━━ Data section ━━

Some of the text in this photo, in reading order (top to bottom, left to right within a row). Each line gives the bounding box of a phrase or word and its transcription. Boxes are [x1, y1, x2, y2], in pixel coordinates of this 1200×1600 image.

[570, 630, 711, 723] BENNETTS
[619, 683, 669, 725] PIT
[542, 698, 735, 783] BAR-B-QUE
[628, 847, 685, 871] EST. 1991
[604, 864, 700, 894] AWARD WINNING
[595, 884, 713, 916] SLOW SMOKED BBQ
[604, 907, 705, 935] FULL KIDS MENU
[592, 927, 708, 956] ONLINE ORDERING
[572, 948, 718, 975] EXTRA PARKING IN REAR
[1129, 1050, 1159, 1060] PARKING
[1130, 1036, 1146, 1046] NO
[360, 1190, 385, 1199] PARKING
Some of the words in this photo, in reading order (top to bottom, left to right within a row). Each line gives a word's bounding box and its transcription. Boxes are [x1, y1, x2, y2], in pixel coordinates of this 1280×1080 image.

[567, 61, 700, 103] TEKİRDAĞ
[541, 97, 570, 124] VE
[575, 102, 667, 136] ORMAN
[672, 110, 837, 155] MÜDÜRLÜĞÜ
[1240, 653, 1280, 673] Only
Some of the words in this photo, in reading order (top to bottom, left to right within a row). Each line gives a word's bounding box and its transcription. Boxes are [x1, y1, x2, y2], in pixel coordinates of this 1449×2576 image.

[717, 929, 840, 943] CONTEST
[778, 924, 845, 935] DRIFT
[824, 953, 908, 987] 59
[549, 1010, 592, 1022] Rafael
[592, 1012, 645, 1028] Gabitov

━━━

**What is being asked:**
Copy, exactly as written, the lines above, beginning with the one that contains "this 1449×2576 image." and ending with the last.

**Written solution:**
Some of the words in this photo, in reading order (top to bottom, left to right within a row). Each line gives a word's bounding box and its transcription. Boxes are [x1, y1, x2, y2], in pixel coordinates of this 1449×2576 image.

[717, 929, 840, 943] CONTEST
[778, 924, 845, 935] DRIFT
[824, 953, 908, 987] 59
[549, 1010, 592, 1022] Rafael
[592, 1012, 645, 1028] Gabitov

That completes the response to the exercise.